Hot on the heels of Microsoft’s retort to Google’s Windows security snub comes word of what’s being describedas a high-risk spyware/malware exploit affecting OS X computers. According to security firm Intego, the spyware – which it calls OpinionSpy but which has also been identified as PremierOpinion – is being distributed through various free screensavers for OS X (full list after the cut), and if installed is capable of “scanning files to recording user activity, as well as sending information about this activity to remote servers and opening a backdoor on infected Macs.”
The malware is the handiwork of comScore (through their VoiceFive Networks subsidiary), and is downloaded as part of the installation process for the various screensavers.
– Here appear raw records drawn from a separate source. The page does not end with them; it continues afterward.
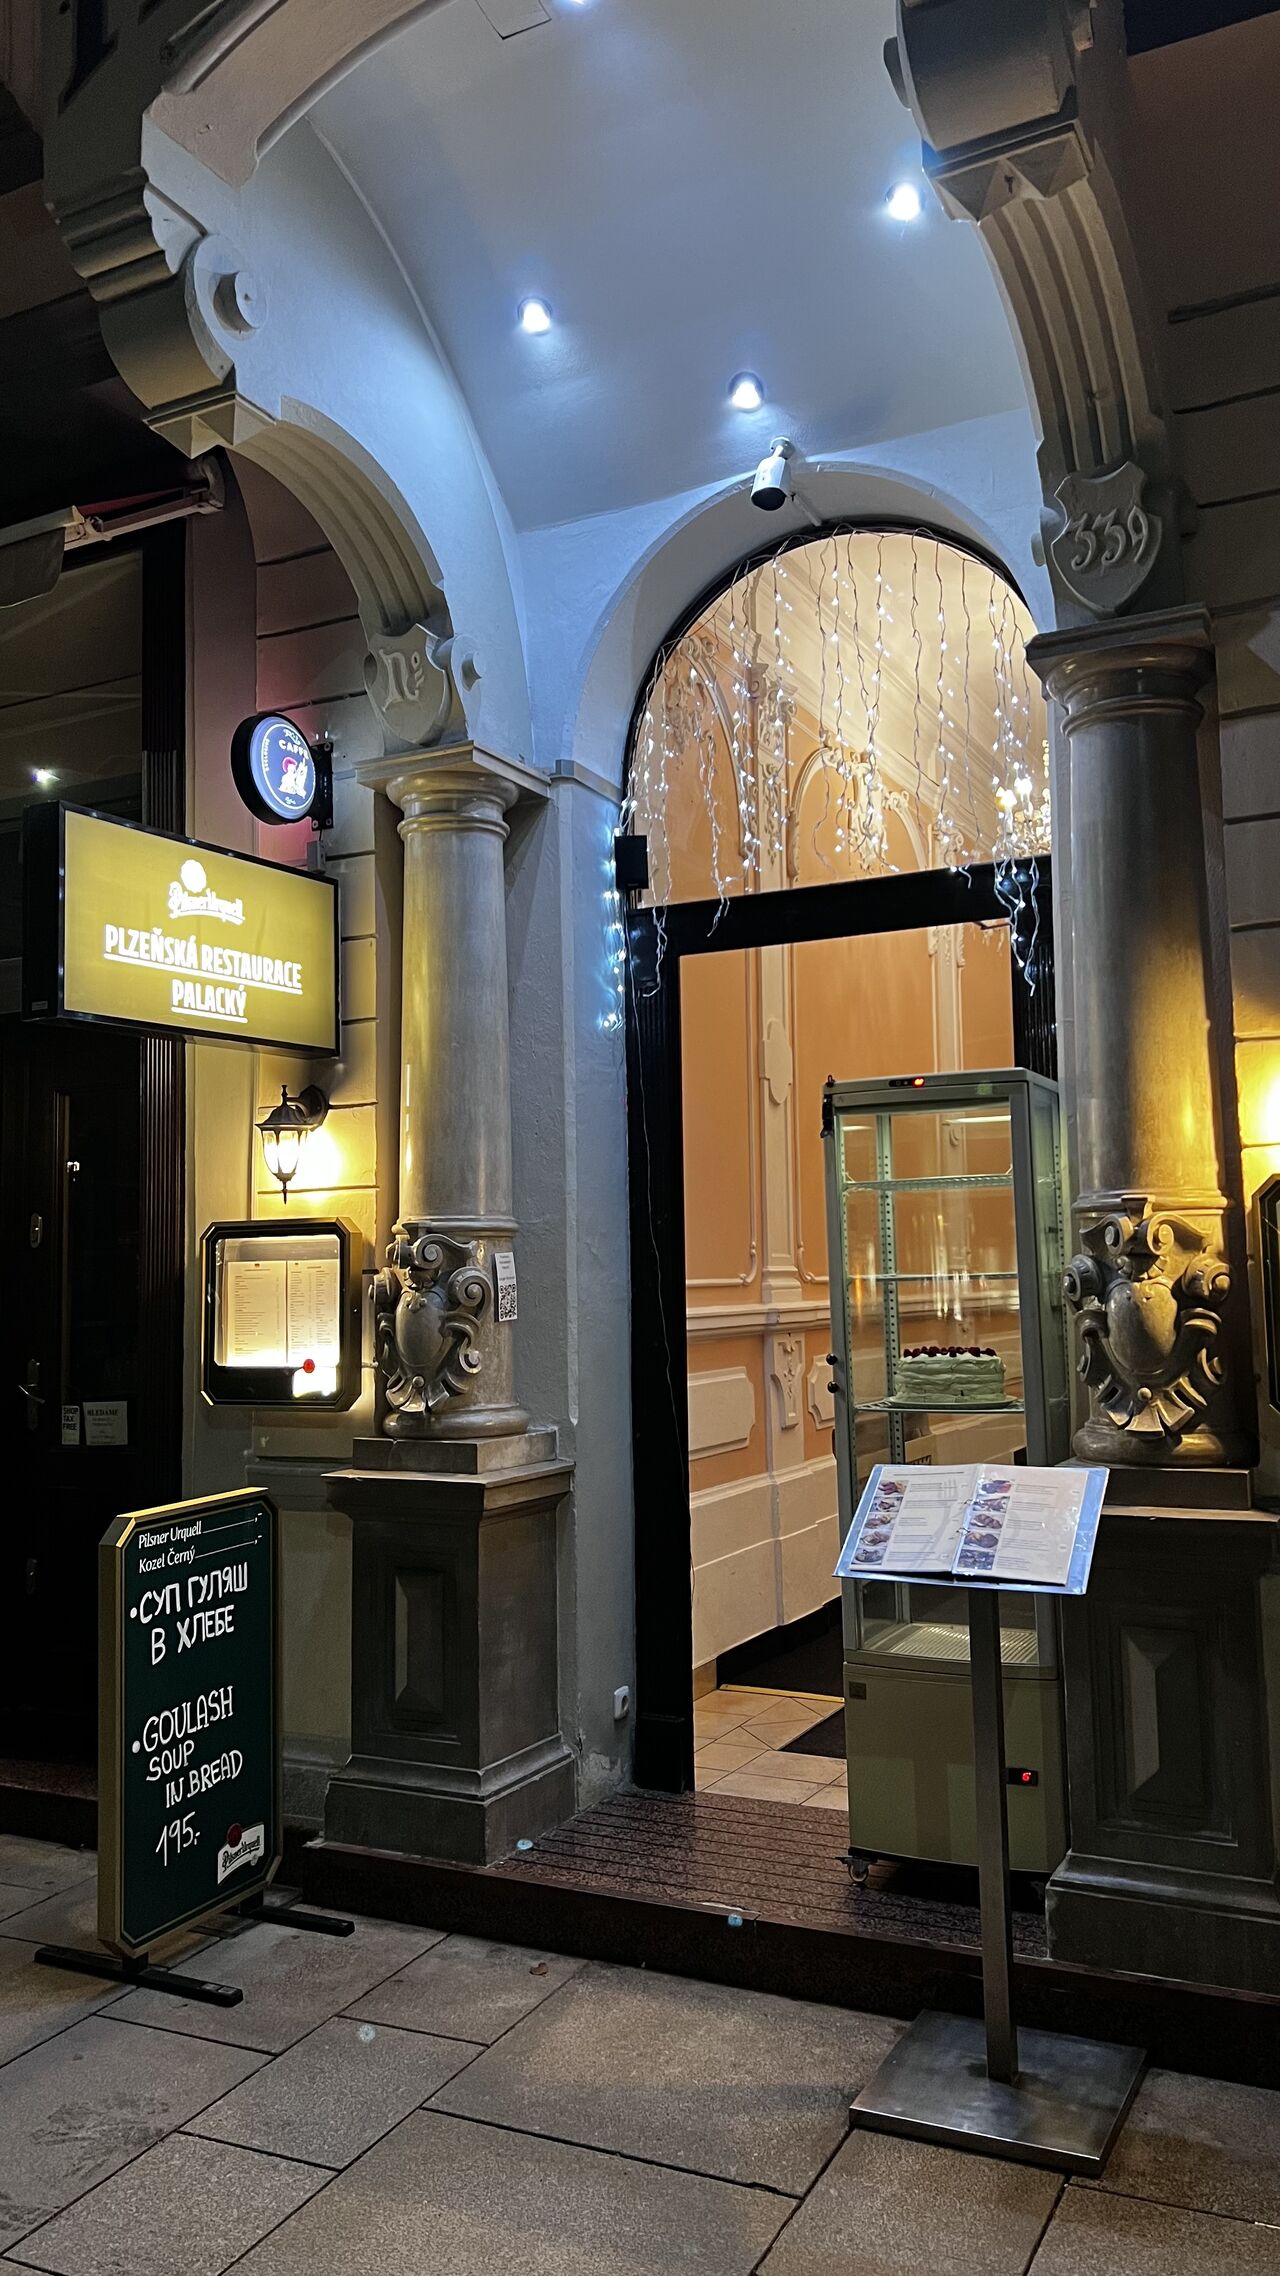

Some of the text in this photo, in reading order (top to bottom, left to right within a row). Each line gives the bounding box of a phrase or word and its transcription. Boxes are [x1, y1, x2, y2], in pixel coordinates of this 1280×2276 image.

[104, 923, 303, 989] PLZEŇSKÁ RESTAURACE
[171, 979, 247, 1017] PALACKÝ
[63, 1423, 78, 1431] FREE
[138, 1530, 170, 1549] Pilsner
[170, 1520, 202, 1542] Urquell
[138, 1552, 166, 1574] Kozel
[167, 1545, 196, 1565] Černý
[139, 1561, 248, 1625] СУП ГУЛЯШ
[176, 1604, 235, 1654] ХЛЕБЕ
[142, 1685, 234, 1752] GOULASH
[145, 1739, 195, 1782] SOUP
[165, 1749, 243, 1809] IN BREAD
Some of the affected apps do indicate in the ToS that ”market research” program is installed, but not all; once installed – complete with root privileges – it opents an HTTP backdoor, analyses files on all available volumes, all packets from the local network going in and out, copies personal data from browsers, and then sends encrypted reports to various remote servers including e-mail addresses, iChat message headers and URLs, as well as other data.
Even if OS X users subsequently uninstall the screensaver, the malware is left present, and it can automatically update itself in the background. Obviously Intego would like you to buy their anti-malware apps for Mac, but there’s a manual process here. Still, as more users get turned onto OS X – and novice ones at that, perhaps all too willing to download apps without reading the ToS, or give up their administrator’s password during the install process – it seems we may have to get used to malware and spyware for the platform increasing.